### INPUT DATA

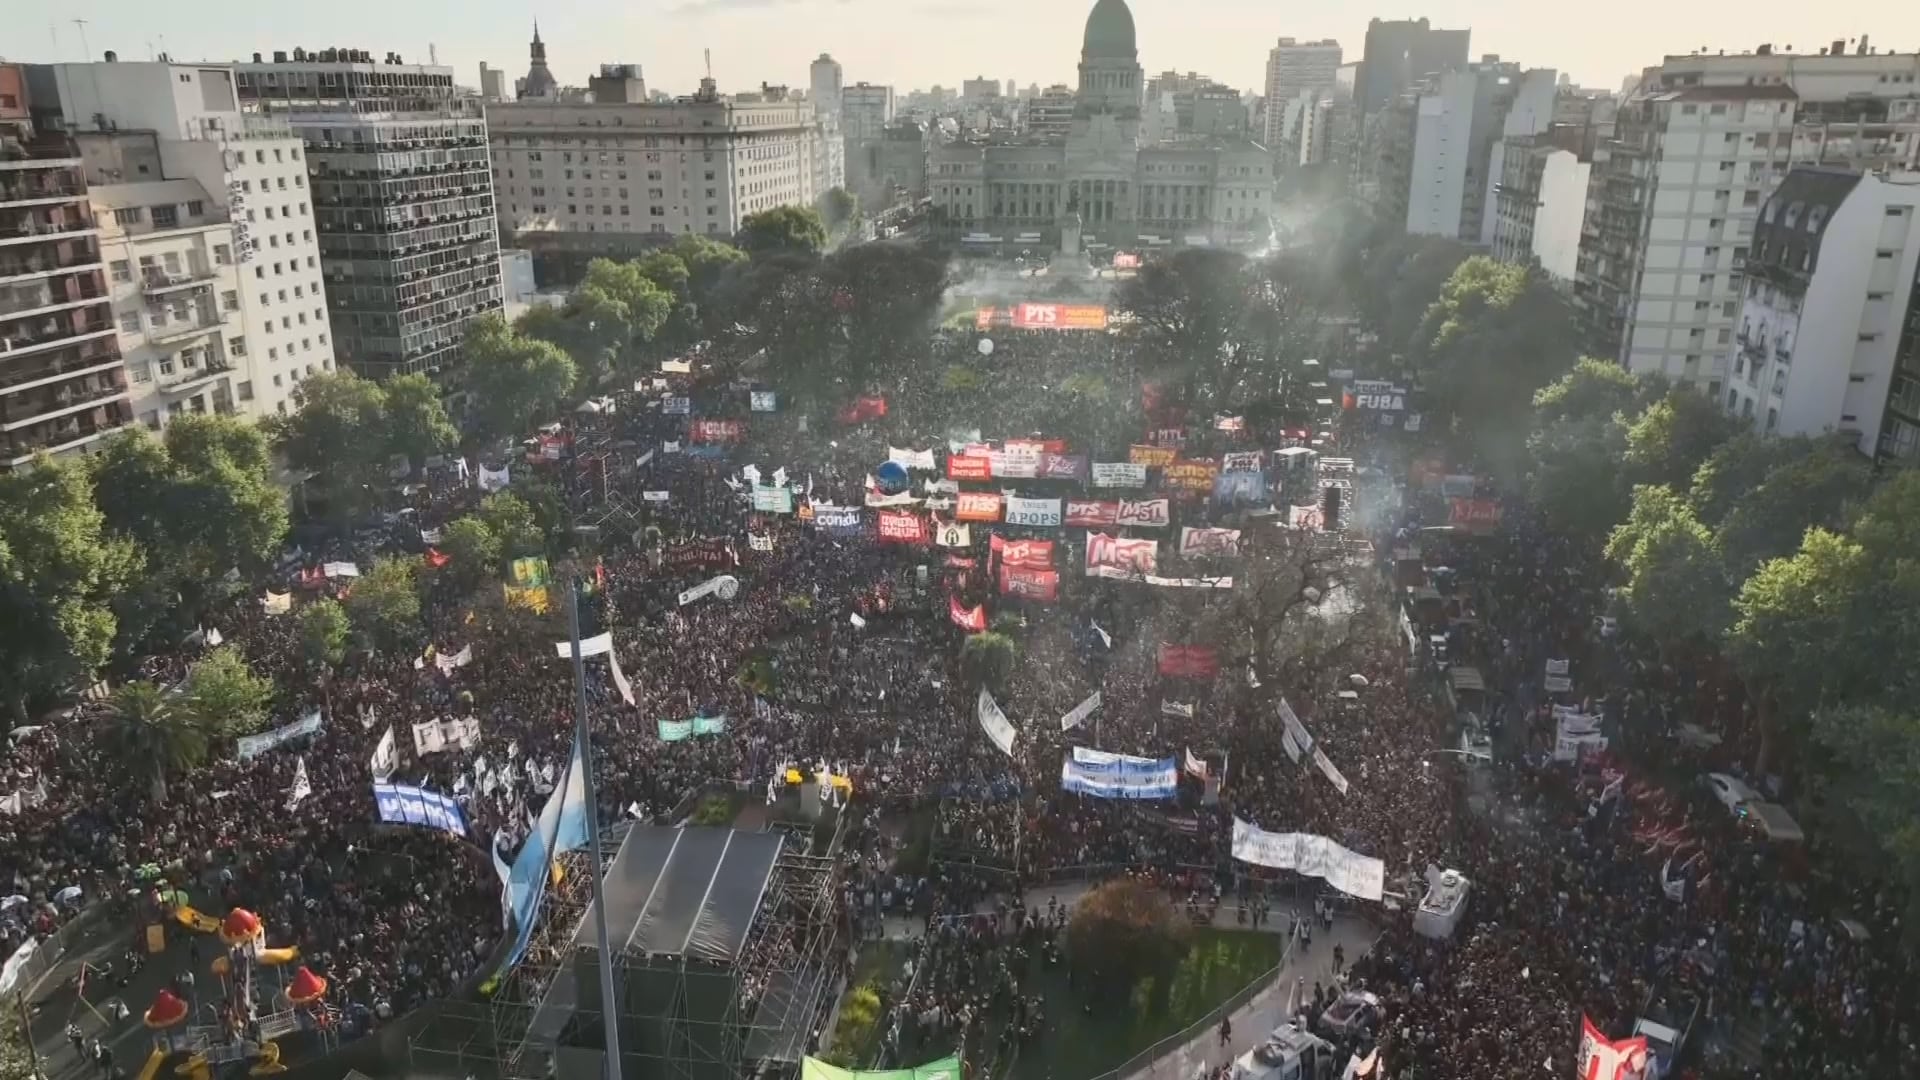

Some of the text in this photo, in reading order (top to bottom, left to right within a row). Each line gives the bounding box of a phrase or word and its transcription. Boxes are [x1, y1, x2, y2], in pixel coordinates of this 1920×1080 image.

[1024, 305, 1056, 322] PTS
[1356, 394, 1404, 410] FUBA
[1157, 429, 1187, 440] MTL
[1162, 465, 1218, 478] PARTIDO
[959, 496, 999, 513] mas
[1066, 502, 1100, 516] PTS
[1123, 501, 1165, 520] MST
[1007, 511, 1059, 525] APOPS
[1002, 542, 1029, 558] PTS
[1090, 538, 1154, 569] MST
[1008, 580, 1028, 594] PTS

### WORK INSTRUCTIONS
With the pictures left out, return all the material above exactly.

### ANSWER AREA
Some of the text in this photo, in reading order (top to bottom, left to right within a row). Each line gives the bounding box of a phrase or word and its transcription. Boxes are [x1, y1, x2, y2], in pixel coordinates of this 1920×1080 image.

[1024, 305, 1056, 322] PTS
[1356, 394, 1404, 410] FUBA
[1157, 429, 1187, 440] MTL
[1162, 465, 1218, 478] PARTIDO
[959, 496, 999, 513] mas
[1066, 502, 1100, 516] PTS
[1123, 501, 1165, 520] MST
[1007, 511, 1059, 525] APOPS
[1002, 542, 1029, 558] PTS
[1090, 538, 1154, 569] MST
[1008, 580, 1028, 594] PTS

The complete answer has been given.